Lieutenant governor tells Class of 2022 they are the future of democracy

Graduating students in their robes and caps

SF State graduates celebrate at the May 26 Commencement ceremony.

Thousands attended the University’s 121st Commencement, held May 27 at Oracle Park

California Lt. Gov. Eleni Kounalakis congratulated graduating students at San Francisco State University’s 121st Commencement May 27 at Oracle Park. The ceremony celebrated the accomplishments of the more than 7,400 graduates of the class of 2022.

“You are on the threshold of your future, and you are destined for great and wonderful things,” Kounalakis said. 

Kounalakis also encouraged graduates to commit themselves to strengthening American democracy. 

“People ask me all the time about the future of American democracy and what gives me hope.
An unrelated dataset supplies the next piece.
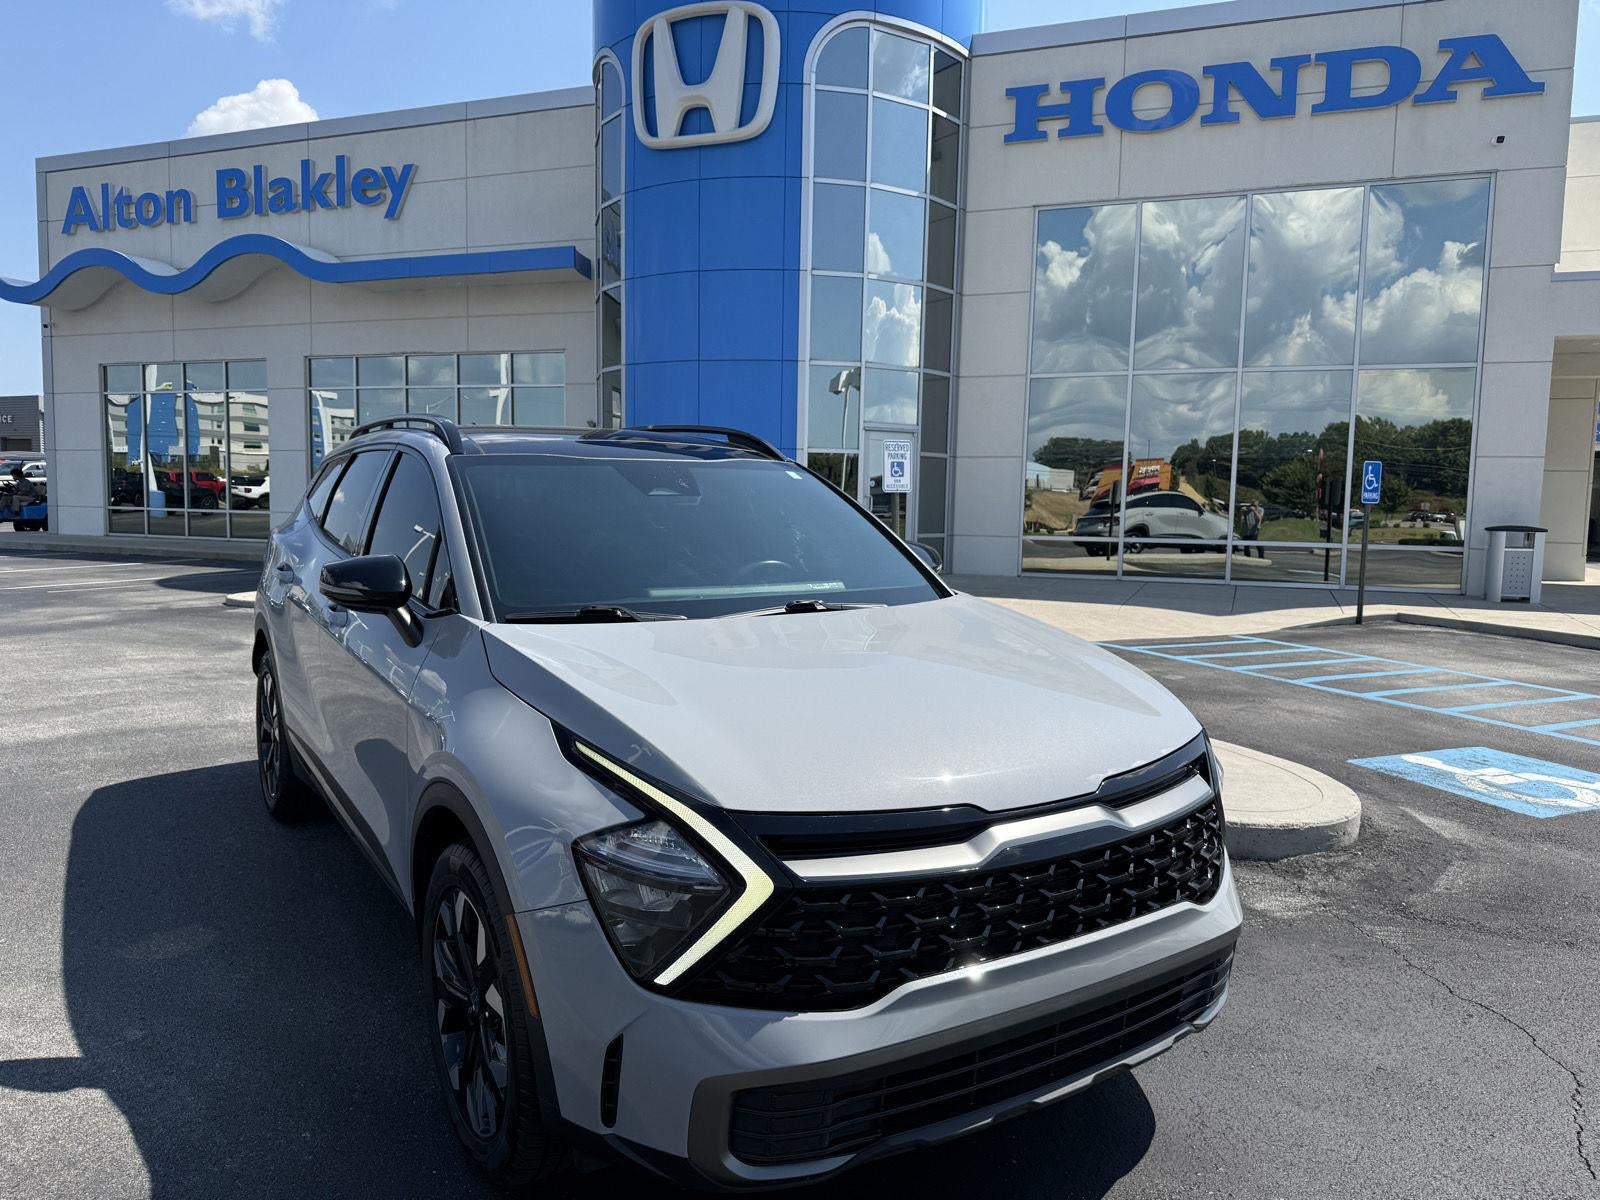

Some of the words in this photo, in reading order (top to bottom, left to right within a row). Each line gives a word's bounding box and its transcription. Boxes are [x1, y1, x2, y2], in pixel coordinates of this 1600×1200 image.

And my answer is you,” Kounalakis said. “Yes you, very specifically, the students and graduates of the California State University system.”

The previous evening the University hosted another ceremony at Oracle Park, this one for the classes of 2020 and 2021. (Live Commencements for those years had to be postponed due to COVID-19.) The Commencement speaker that night was Myrna Melgar, the San Francisco City and County Board of Supervisors member representing District 7.
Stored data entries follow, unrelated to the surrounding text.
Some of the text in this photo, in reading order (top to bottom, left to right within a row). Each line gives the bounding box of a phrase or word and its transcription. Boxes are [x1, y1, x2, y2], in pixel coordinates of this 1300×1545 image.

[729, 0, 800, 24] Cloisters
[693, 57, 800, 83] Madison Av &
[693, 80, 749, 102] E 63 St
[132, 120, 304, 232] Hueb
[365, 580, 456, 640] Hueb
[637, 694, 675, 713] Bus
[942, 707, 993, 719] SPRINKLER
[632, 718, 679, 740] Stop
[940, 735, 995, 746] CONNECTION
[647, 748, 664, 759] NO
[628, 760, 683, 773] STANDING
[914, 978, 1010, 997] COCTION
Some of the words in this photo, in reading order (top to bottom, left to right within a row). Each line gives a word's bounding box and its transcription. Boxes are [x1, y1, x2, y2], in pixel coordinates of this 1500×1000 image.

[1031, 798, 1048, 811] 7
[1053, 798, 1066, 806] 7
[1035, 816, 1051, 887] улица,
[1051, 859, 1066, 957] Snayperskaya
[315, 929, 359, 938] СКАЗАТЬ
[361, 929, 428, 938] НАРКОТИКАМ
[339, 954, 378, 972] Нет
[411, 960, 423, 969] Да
“Remain steadfast in being change agents in your communities,” Melgar said. “We need you to carry the torch of change evolution at this pivotal moment.”

Honorary degrees were also awarded both evenings. On May 26, the honoree was social justice activist Fania E. Davis.

“To meet these times, we need to not only be warriors,” said Davis, a lifelong advocate for civil rights, Black liberation and women. “We need to be healers. Warriors for justice, champions for healing.”

The honoree May 27 was actor and activist BD Wong. A San Francisco native, Wong made his Broadway debut in 1988 with an award-winning performance in “M. Butterfly.” Since then he’s not only appeared in dozens of plays, films and television shows, he’s also been active as an advocate for the LGBTQ and Asian communities. He urged graduates to use their degrees to make a mark on the world.

“I beg you to choose to do something … rather than to do nothing,” Wong said. “To make a choice that’s active. To make a choice that makes a difference to something. A person, yourself, someone you believe in, some cause or something. But don’t just take up space.” 

In her remarks, SF State President Lynn Mahoney paid tribute to the tenacity and drive of the University’s newest graduates, who had to complete their college educations during a historically turbulent time.

“We talk about resilience, you demonstrated it. We talk about commitments to social justice, you demanded them. We talk about forging new paths and new ways of doing things, you have done this,” said Mahoney. “With little notice, you charted a different path from the one you envisioned when you started your degrees. You worked with faculty and staff to create new ways of learning and new ways of being college students. You innovated, you experimented. And, while the path was not easy, you made it.”